→ Exercise material:

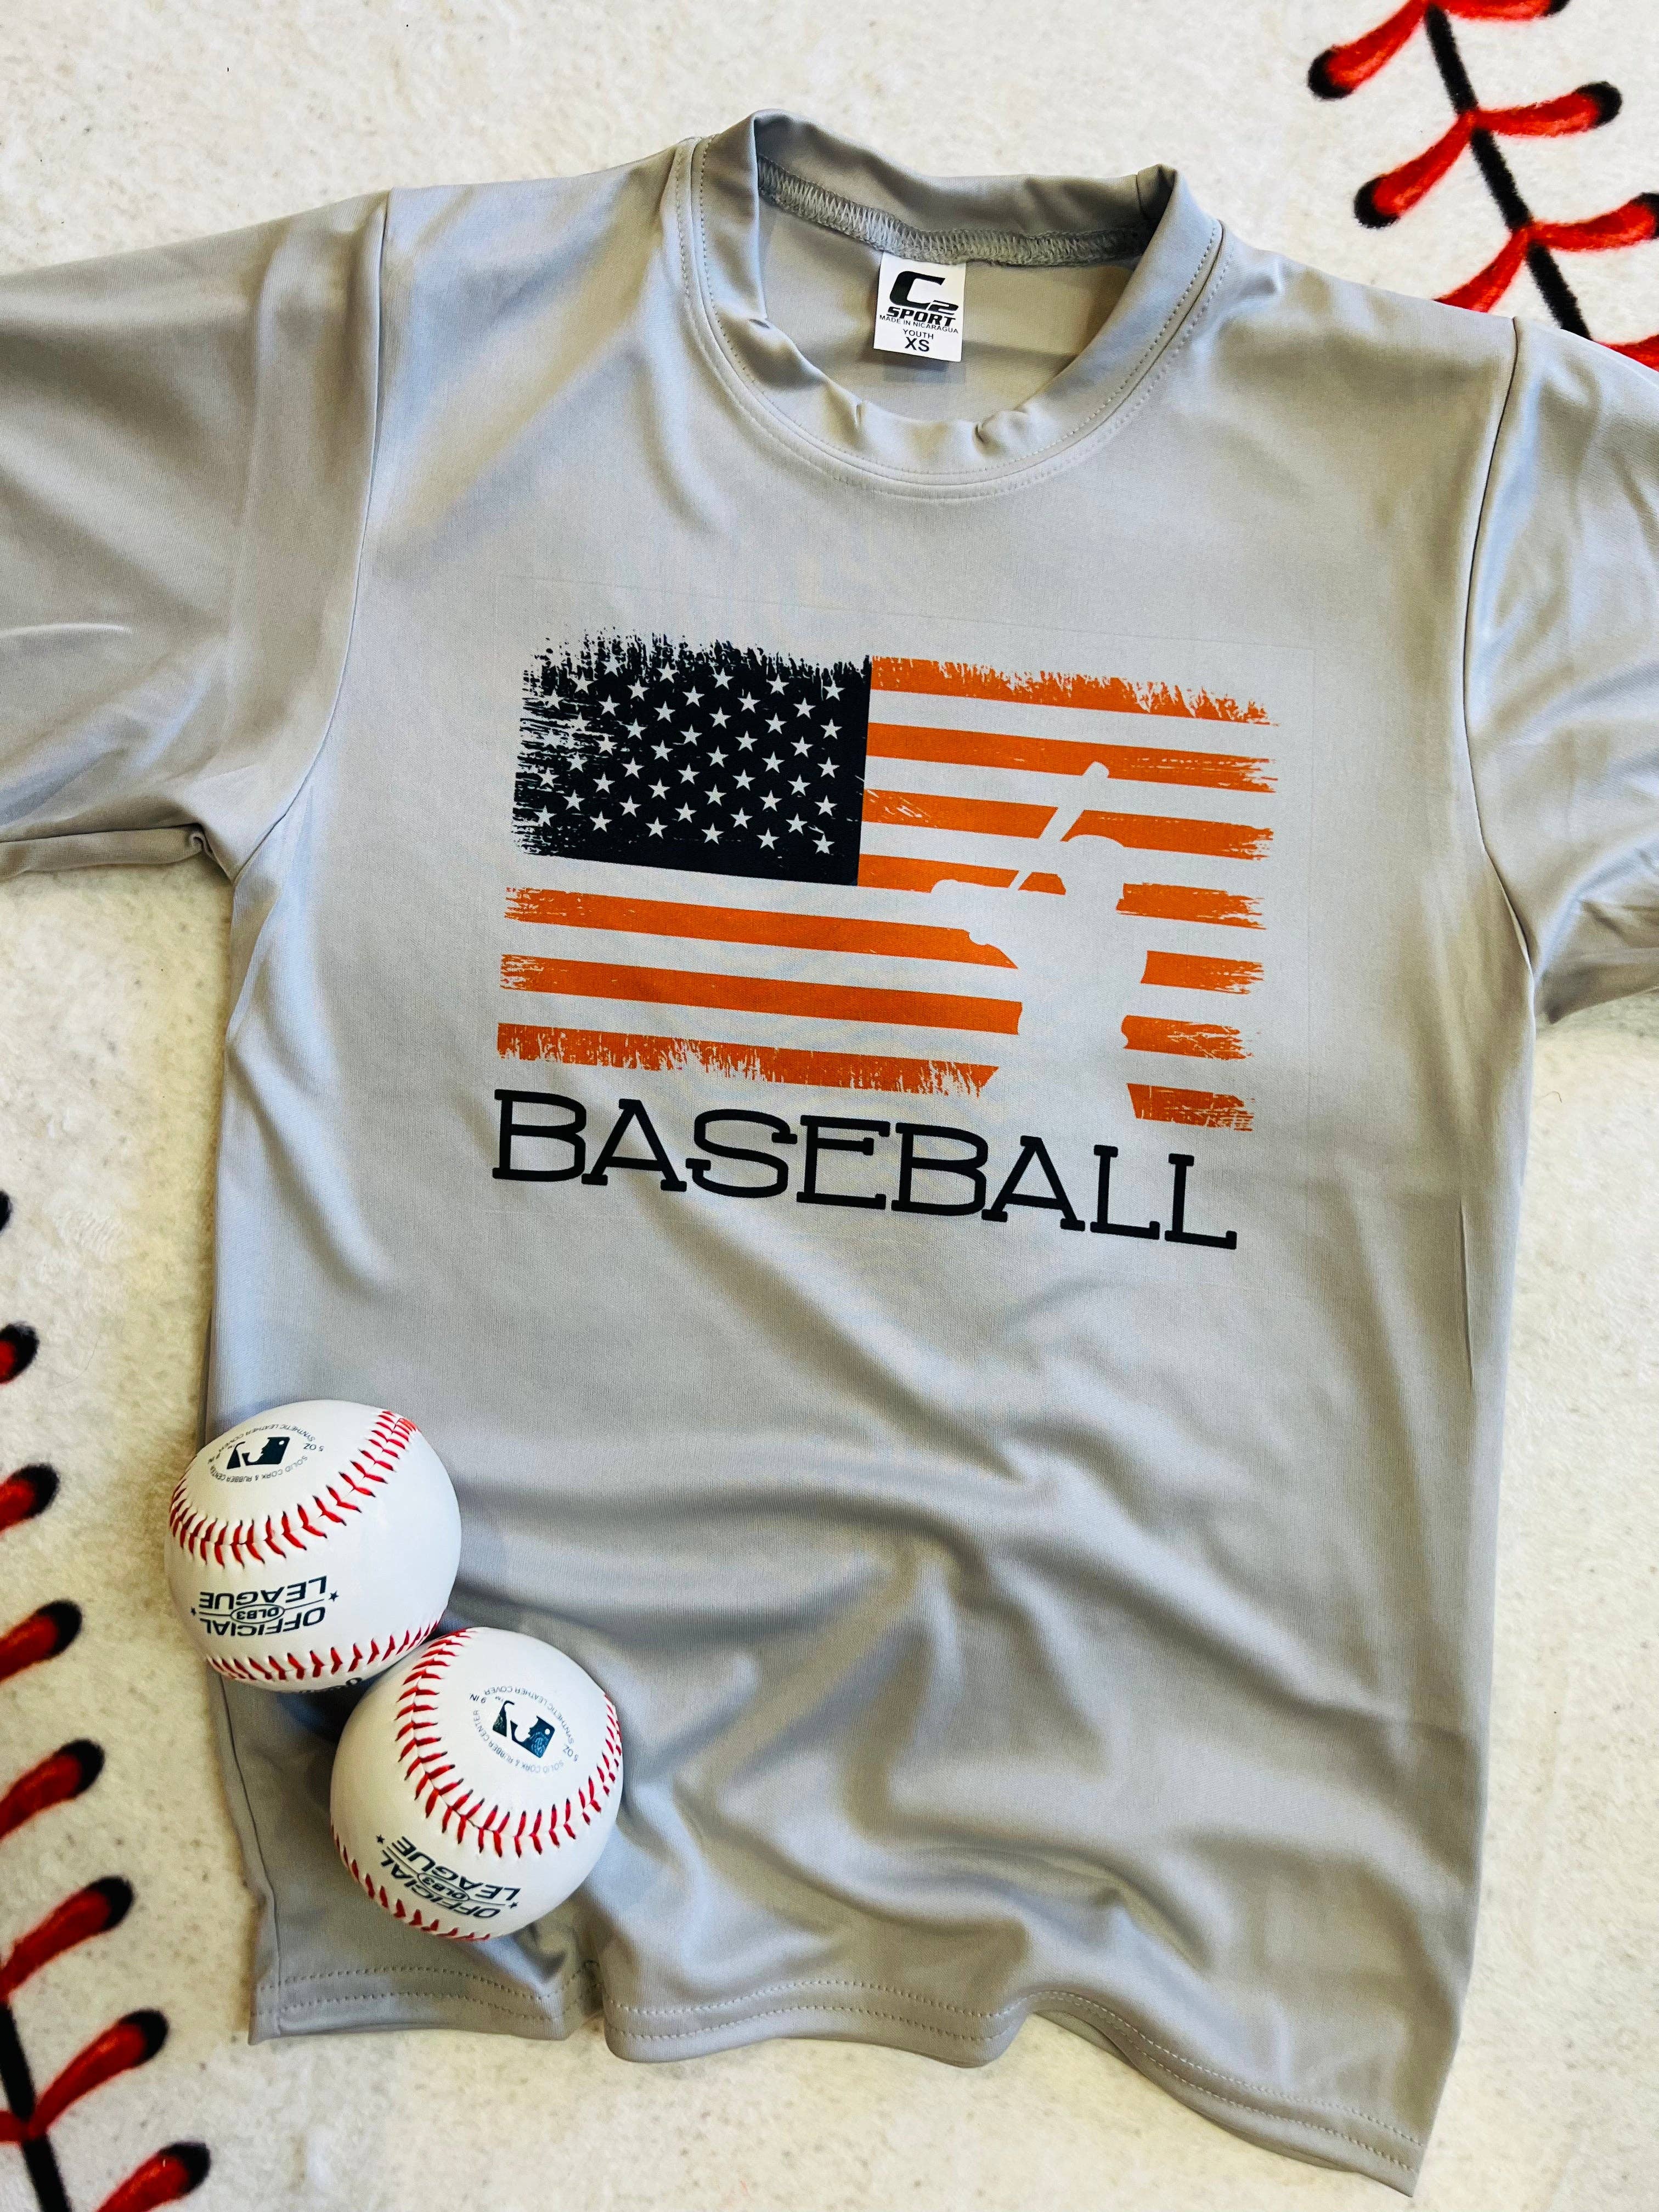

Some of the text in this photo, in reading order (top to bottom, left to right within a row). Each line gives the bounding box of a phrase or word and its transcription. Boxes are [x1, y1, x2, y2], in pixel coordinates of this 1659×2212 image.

[879, 314, 900, 324] MADE
[913, 321, 959, 334] NICARAGUA
[886, 306, 956, 327] SPORT
[902, 329, 934, 340] YOUTH
[905, 337, 930, 352] XS
[492, 1089, 1238, 1250] BASEBALL
[285, 1455, 307, 1472] SOLID
[199, 1575, 327, 1610] LEAGUE
[199, 1606, 326, 1637] OFFICIAL
[484, 1685, 513, 1695] COVER
[515, 1686, 548, 1706] LEATHER
[473, 1709, 490, 1741] CENTER
[392, 1836, 521, 1901] LEAGUE
[380, 1849, 500, 1918] OFFICIAL

→ Your task:
Leave out all pictures, then copy the remaining material exactly.

→ Answer:
Some of the text in this photo, in reading order (top to bottom, left to right within a row). Each line gives the bounding box of a phrase or word and its transcription. Boxes are [x1, y1, x2, y2], in pixel coordinates of this 1659×2212 image.

[879, 314, 900, 324] MADE
[913, 321, 959, 334] NICARAGUA
[886, 306, 956, 327] SPORT
[902, 329, 934, 340] YOUTH
[905, 337, 930, 352] XS
[492, 1089, 1238, 1250] BASEBALL
[285, 1455, 307, 1472] SOLID
[199, 1575, 327, 1610] LEAGUE
[199, 1606, 326, 1637] OFFICIAL
[484, 1685, 513, 1695] COVER
[515, 1686, 548, 1706] LEATHER
[473, 1709, 490, 1741] CENTER
[392, 1836, 521, 1901] LEAGUE
[380, 1849, 500, 1918] OFFICIAL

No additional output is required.